In [8]:
import csv
import random
from math import log, sqrt

In [9]:
def read_csv(filepath):
    """
    This function reads the example dataset from a CSV file and returns a
    list of lists.
    """
    data = []

    with open(filepath) as fd:
        reader = csv.reader(fd, delimiter=',')

        for row in reader:
            row = [int(row[0]), row[1], row[2], int(row[3]), row[4],
                   row[5], row[6], row[7], row[8], int(row[9]),
                   int(row[10]), int(row[11]), row[12], row[13]]
            data.append(list(map(lambda x: x.strip() if isinstance(x, str) else x, row)))

    return data

In [10]:
class DecisionTreeClassifier:

    class DecisionNode:
        def __init__(self, col=-1, value=None, results=None, tb=None, fb=None):
            self.col = col
            self.value = value
            self.results = results
            self.tb = tb
            self.fb = fb

    """
    :param  max_depth:          numero maximo de quebras durante o treinamento
    :param  random_features:    Se estiver como Falso, todas a variaveis 
                                vao ser usadas para treino e predicao, 
                                senao sera escolhido um conjunto aleatorio 
                                de tamanho sqrt(nb features)
    """
    def __init__(self, max_depth=-1, random_features=False):
        self.root_node = None
        self.max_depth = max_depth
        self.features_indexes = []
        self.random_features = random_features

    def fit(self, rows, criterion=None):
        if len(rows) < 1:
            raise ValueError("Nao ha amostras suficientes no dataset de entrada.")

        if not criterion:
            criterion = self.entropy
        if self.random_features:
            self.features_indexes = self.choose_random_features(rows[0])
            rows = [self.get_features_subset(row) + [row[-1]] for row in rows]

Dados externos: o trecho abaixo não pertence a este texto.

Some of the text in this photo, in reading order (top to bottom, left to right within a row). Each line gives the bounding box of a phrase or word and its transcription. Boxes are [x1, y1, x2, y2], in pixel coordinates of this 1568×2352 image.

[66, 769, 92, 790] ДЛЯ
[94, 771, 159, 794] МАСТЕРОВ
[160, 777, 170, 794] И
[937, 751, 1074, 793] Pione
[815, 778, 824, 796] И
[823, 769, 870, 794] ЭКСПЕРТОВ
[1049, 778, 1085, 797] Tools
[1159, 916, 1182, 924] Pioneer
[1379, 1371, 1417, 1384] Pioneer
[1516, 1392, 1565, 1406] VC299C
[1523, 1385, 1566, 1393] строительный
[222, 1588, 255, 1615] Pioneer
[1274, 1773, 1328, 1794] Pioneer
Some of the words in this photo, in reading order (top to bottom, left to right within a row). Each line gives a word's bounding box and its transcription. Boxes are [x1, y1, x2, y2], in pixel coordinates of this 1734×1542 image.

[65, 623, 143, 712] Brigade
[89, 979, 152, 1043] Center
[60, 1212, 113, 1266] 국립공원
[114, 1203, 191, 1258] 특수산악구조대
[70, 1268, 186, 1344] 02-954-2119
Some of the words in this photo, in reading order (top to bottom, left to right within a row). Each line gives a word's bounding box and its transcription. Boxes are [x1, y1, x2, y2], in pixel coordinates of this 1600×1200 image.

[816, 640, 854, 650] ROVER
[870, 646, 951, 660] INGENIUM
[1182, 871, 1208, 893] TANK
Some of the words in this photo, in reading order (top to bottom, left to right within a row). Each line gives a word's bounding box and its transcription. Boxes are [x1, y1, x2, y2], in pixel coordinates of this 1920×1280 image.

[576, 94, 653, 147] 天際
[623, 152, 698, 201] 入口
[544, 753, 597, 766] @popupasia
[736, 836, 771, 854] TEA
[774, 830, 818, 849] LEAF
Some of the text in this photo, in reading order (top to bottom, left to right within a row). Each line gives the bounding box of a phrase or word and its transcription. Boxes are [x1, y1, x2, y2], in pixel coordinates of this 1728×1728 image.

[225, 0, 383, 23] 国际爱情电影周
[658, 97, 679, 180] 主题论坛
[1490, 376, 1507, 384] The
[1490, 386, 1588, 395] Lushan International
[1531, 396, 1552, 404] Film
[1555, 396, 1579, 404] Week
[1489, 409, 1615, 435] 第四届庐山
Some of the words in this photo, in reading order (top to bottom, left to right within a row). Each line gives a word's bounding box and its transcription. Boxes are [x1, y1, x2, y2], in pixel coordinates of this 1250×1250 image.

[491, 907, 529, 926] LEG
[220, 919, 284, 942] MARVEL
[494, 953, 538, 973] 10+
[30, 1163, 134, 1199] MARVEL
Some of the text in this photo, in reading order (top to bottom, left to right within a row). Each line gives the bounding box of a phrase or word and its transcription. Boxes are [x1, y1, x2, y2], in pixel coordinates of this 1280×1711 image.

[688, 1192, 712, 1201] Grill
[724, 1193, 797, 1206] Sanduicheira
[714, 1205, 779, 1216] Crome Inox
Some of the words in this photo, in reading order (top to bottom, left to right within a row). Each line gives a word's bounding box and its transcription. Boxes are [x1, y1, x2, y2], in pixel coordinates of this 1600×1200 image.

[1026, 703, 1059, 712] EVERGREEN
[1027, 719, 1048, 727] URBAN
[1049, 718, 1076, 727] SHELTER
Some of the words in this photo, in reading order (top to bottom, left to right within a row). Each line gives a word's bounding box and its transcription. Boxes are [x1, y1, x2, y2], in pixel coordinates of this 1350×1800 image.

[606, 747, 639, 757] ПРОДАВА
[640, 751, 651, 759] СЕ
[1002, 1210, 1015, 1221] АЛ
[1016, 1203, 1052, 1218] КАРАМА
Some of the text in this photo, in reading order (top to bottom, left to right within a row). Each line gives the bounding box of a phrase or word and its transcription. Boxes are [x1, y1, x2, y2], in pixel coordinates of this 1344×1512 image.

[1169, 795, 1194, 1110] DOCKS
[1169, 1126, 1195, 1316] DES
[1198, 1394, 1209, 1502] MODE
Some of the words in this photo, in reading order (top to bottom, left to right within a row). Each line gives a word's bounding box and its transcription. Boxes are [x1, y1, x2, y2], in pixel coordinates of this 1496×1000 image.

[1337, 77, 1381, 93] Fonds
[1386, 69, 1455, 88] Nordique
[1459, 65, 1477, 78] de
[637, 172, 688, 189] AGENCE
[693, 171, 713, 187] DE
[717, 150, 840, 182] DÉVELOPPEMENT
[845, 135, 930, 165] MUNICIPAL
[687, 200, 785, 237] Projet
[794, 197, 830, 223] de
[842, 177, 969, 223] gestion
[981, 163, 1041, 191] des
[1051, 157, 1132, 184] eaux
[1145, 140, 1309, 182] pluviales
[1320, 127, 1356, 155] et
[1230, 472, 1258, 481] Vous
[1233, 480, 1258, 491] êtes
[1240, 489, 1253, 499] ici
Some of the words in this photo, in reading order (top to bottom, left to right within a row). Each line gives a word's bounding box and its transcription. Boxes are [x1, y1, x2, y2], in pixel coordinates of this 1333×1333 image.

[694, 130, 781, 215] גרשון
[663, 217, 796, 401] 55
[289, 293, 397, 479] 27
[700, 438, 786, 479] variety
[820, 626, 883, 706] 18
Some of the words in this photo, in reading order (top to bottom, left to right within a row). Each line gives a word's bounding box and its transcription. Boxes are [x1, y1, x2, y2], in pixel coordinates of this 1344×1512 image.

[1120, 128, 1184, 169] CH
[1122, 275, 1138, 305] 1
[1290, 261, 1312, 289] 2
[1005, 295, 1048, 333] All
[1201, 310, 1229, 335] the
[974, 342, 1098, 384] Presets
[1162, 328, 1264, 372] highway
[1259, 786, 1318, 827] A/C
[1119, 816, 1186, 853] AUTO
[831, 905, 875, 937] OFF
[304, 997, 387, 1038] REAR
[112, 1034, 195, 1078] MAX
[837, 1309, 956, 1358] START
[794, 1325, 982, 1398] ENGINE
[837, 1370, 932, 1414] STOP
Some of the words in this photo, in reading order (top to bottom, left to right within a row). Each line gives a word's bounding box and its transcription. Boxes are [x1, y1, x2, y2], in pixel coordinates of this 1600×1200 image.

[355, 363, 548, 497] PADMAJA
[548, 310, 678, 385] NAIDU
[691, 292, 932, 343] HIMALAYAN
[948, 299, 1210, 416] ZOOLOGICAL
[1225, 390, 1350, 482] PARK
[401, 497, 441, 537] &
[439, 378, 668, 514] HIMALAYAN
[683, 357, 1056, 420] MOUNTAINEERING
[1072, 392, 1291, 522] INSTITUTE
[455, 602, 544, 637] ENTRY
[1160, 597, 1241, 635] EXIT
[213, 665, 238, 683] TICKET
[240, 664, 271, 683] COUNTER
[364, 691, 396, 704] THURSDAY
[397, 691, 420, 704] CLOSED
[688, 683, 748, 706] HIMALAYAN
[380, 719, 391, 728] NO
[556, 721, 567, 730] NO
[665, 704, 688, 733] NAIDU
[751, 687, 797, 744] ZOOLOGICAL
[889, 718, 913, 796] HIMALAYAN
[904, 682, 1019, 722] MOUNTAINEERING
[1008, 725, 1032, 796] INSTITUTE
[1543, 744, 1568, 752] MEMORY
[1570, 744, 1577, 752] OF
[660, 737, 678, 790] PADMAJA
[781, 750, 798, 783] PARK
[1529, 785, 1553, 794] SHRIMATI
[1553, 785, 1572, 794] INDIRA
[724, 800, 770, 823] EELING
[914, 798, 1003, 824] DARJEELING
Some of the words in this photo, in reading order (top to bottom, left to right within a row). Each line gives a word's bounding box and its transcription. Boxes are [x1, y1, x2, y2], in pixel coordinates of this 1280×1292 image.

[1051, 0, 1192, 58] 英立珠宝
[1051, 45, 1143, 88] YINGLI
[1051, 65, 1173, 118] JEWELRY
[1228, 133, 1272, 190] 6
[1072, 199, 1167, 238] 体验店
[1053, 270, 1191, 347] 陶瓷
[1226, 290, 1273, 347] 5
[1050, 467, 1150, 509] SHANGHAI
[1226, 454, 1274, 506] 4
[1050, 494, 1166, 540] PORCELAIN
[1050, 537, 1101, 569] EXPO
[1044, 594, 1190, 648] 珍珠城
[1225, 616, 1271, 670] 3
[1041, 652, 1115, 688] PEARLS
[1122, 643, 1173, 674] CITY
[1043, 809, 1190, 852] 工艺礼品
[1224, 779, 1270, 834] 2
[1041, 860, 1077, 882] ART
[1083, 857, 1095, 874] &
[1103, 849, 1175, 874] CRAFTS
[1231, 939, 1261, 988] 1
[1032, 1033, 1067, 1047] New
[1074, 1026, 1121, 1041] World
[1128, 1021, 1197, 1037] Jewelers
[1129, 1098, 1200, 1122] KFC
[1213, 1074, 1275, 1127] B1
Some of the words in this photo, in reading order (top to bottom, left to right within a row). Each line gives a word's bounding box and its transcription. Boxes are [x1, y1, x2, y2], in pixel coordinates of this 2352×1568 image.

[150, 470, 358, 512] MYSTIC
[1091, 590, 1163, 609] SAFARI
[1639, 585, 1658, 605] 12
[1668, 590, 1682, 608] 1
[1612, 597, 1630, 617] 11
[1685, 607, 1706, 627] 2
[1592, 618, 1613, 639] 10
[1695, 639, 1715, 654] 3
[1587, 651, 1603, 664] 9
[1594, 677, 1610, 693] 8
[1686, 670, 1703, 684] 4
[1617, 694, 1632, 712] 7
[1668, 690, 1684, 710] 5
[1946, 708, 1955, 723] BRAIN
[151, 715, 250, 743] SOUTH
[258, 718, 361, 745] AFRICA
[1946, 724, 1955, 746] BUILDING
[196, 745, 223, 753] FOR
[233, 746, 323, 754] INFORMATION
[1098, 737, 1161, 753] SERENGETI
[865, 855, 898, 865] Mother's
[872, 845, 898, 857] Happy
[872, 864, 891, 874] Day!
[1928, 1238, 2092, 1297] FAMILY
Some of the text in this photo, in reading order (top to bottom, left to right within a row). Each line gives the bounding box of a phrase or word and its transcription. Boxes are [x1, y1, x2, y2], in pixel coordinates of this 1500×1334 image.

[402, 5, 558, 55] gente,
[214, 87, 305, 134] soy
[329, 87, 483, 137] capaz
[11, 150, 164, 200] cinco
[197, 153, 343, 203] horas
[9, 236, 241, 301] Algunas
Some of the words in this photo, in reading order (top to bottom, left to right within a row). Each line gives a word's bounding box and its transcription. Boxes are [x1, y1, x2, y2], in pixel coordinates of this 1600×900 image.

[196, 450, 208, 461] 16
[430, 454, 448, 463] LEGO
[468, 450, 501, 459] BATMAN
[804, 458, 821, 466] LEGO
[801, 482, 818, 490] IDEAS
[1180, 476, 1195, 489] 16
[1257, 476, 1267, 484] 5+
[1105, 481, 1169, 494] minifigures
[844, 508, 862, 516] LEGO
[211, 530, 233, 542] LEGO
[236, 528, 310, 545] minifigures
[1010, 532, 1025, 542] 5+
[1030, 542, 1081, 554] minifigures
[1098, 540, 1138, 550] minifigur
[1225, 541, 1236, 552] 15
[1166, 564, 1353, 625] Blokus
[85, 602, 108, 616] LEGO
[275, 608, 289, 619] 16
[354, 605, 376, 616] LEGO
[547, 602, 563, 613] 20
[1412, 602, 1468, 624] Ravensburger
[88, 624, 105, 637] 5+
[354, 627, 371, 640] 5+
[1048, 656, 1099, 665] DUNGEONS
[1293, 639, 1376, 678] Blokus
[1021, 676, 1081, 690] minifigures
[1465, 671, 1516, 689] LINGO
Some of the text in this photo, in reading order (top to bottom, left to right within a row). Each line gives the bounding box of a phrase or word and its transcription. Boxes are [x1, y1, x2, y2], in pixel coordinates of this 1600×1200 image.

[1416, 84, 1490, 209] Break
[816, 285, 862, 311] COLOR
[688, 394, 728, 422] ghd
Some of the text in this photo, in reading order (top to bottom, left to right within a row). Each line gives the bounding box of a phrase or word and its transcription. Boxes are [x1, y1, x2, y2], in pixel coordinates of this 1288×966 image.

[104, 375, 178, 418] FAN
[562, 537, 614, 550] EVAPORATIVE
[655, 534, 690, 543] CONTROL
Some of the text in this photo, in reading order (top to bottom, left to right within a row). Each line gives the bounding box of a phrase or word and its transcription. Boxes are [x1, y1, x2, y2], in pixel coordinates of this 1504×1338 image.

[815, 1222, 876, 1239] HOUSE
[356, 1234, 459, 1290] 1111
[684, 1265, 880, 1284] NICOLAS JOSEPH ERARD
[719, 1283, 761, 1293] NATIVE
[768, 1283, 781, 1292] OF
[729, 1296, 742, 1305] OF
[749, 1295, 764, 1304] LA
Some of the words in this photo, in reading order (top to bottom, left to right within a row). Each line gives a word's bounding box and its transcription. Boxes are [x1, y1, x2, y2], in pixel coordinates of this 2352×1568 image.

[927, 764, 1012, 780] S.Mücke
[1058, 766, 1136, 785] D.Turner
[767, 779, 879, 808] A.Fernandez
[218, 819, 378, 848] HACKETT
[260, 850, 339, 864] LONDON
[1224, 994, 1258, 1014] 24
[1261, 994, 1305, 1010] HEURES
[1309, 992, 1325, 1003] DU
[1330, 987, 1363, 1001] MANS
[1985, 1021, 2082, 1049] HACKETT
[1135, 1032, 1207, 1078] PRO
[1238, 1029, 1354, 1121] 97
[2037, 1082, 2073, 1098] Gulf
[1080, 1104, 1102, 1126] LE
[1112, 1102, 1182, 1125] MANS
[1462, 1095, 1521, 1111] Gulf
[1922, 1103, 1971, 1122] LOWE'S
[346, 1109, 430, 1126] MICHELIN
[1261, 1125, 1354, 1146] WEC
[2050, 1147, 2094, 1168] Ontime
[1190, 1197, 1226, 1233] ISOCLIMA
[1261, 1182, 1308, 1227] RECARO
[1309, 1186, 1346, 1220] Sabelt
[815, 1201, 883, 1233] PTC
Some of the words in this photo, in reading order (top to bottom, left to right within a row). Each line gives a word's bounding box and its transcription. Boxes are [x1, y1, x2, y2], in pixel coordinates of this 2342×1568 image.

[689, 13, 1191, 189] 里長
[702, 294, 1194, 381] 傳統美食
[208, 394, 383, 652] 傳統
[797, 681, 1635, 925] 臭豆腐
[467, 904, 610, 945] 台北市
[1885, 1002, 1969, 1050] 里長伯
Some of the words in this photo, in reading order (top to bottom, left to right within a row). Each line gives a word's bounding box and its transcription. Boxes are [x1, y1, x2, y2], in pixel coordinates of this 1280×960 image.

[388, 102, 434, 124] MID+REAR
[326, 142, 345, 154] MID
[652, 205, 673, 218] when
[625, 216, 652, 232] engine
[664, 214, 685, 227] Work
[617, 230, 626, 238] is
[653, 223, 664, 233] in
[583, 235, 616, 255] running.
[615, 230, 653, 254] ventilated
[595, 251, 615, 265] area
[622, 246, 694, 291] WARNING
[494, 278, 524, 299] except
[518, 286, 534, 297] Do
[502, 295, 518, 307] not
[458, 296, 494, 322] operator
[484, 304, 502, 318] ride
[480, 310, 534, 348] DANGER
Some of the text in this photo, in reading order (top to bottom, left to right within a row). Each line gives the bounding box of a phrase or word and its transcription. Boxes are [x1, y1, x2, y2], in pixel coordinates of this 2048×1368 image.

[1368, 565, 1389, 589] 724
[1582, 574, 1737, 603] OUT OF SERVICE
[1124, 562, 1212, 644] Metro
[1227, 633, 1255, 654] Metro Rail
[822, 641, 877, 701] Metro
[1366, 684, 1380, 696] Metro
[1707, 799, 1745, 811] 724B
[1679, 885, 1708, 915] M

        self.root_node = self.build_tree(rows, criterion, self.max_depth)

    """
    Retorna uma predicao para as variaveis passadas como parametro
    :param  features:   uma lista de valores
    """
    def predict(self, features):
        if self.random_features:
            if not all(i in range(len(features))
                       for i in self.features_indexes):
                raise ValueError("As variaveis passadas nao batem com o conjunto utilizado para treino")
            features = self.get_features_subset(features)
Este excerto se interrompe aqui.